*What you have to do*: Reproduce every line of the listing as written, apart from the pictures.

*Material provided*:
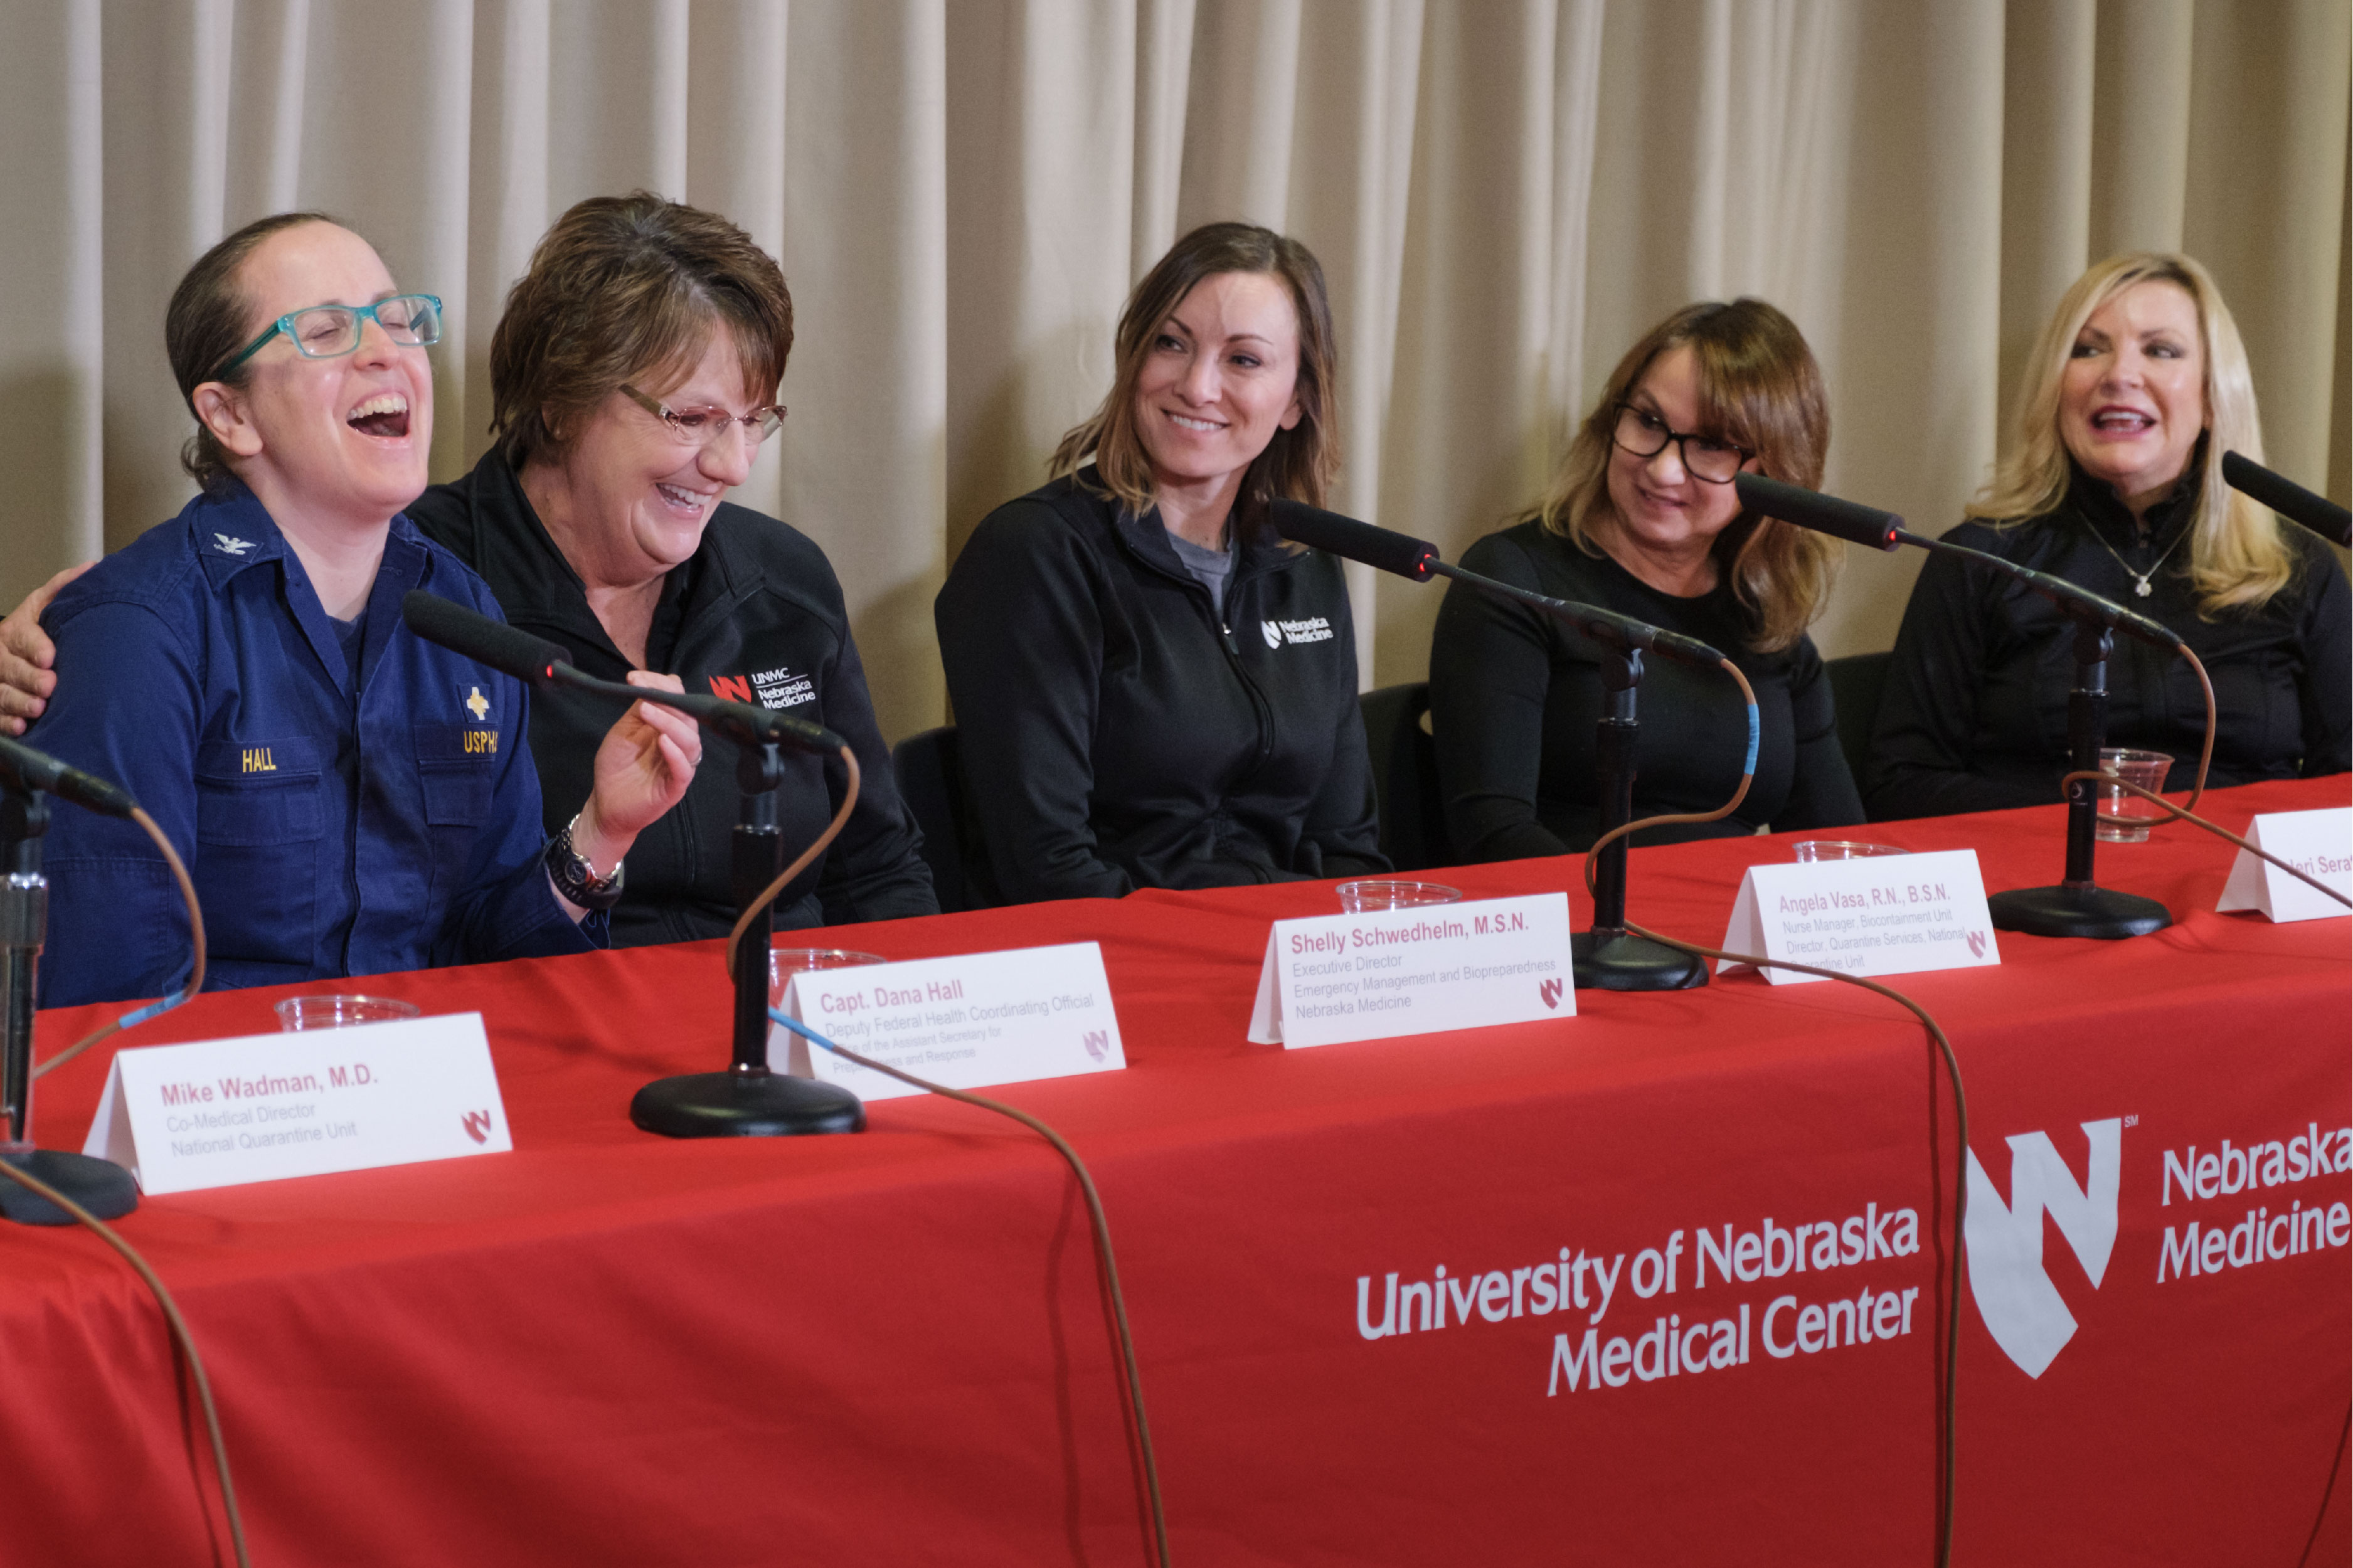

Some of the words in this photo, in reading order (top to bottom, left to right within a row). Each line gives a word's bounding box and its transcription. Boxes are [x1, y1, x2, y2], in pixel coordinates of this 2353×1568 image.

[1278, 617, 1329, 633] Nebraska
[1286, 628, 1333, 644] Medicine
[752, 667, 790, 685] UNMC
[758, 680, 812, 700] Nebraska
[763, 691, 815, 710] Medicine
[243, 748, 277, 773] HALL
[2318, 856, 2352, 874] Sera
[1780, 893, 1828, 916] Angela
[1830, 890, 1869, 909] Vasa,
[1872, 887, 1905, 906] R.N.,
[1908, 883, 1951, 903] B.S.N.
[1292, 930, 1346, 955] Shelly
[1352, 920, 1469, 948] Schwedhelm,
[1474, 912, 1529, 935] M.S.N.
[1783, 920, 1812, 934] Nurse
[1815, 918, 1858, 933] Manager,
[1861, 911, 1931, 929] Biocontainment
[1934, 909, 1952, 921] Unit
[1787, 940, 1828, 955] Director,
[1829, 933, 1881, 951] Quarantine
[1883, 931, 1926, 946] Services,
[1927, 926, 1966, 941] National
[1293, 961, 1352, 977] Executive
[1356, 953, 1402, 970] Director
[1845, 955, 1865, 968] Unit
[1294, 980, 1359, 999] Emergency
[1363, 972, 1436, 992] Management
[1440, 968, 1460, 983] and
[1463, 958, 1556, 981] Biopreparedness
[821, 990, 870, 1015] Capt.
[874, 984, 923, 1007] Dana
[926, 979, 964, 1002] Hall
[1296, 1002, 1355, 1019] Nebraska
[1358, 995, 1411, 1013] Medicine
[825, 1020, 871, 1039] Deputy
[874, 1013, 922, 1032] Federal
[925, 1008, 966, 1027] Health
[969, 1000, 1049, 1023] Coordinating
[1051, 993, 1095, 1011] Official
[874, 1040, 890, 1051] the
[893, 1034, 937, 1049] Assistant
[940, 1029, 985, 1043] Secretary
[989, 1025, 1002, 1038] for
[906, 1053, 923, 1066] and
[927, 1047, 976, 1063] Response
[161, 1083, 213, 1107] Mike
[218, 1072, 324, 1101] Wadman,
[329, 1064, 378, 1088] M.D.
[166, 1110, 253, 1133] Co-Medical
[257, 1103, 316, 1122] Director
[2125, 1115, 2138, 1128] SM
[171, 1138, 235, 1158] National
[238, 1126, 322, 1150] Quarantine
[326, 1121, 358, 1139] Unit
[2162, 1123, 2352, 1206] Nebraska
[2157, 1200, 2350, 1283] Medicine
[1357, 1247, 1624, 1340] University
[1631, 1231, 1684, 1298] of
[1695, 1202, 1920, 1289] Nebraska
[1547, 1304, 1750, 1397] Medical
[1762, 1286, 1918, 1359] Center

*Written reply*:
Some of the words in this photo, in reading order (top to bottom, left to right within a row). Each line gives a word's bounding box and its transcription. Boxes are [x1, y1, x2, y2], in pixel coordinates of this 2353×1568 image.

[1278, 617, 1329, 633] Nebraska
[1286, 628, 1333, 644] Medicine
[752, 667, 790, 685] UNMC
[758, 680, 812, 700] Nebraska
[763, 691, 815, 710] Medicine
[243, 748, 277, 773] HALL
[2318, 856, 2352, 874] Sera
[1780, 893, 1828, 916] Angela
[1830, 890, 1869, 909] Vasa,
[1872, 887, 1905, 906] R.N.,
[1908, 883, 1951, 903] B.S.N.
[1292, 930, 1346, 955] Shelly
[1352, 920, 1469, 948] Schwedhelm,
[1474, 912, 1529, 935] M.S.N.
[1783, 920, 1812, 934] Nurse
[1815, 918, 1858, 933] Manager,
[1861, 911, 1931, 929] Biocontainment
[1934, 909, 1952, 921] Unit
[1787, 940, 1828, 955] Director,
[1829, 933, 1881, 951] Quarantine
[1883, 931, 1926, 946] Services,
[1927, 926, 1966, 941] National
[1293, 961, 1352, 977] Executive
[1356, 953, 1402, 970] Director
[1845, 955, 1865, 968] Unit
[1294, 980, 1359, 999] Emergency
[1363, 972, 1436, 992] Management
[1440, 968, 1460, 983] and
[1463, 958, 1556, 981] Biopreparedness
[821, 990, 870, 1015] Capt.
[874, 984, 923, 1007] Dana
[926, 979, 964, 1002] Hall
[1296, 1002, 1355, 1019] Nebraska
[1358, 995, 1411, 1013] Medicine
[825, 1020, 871, 1039] Deputy
[874, 1013, 922, 1032] Federal
[925, 1008, 966, 1027] Health
[969, 1000, 1049, 1023] Coordinating
[1051, 993, 1095, 1011] Official
[874, 1040, 890, 1051] the
[893, 1034, 937, 1049] Assistant
[940, 1029, 985, 1043] Secretary
[989, 1025, 1002, 1038] for
[906, 1053, 923, 1066] and
[927, 1047, 976, 1063] Response
[161, 1083, 213, 1107] Mike
[218, 1072, 324, 1101] Wadman,
[329, 1064, 378, 1088] M.D.
[166, 1110, 253, 1133] Co-Medical
[257, 1103, 316, 1122] Director
[2125, 1115, 2138, 1128] SM
[171, 1138, 235, 1158] National
[238, 1126, 322, 1150] Quarantine
[326, 1121, 358, 1139] Unit
[2162, 1123, 2352, 1206] Nebraska
[2157, 1200, 2350, 1283] Medicine
[1357, 1247, 1624, 1340] University
[1631, 1231, 1684, 1298] of
[1695, 1202, 1920, 1289] Nebraska
[1547, 1304, 1750, 1397] Medical
[1762, 1286, 1918, 1359] Center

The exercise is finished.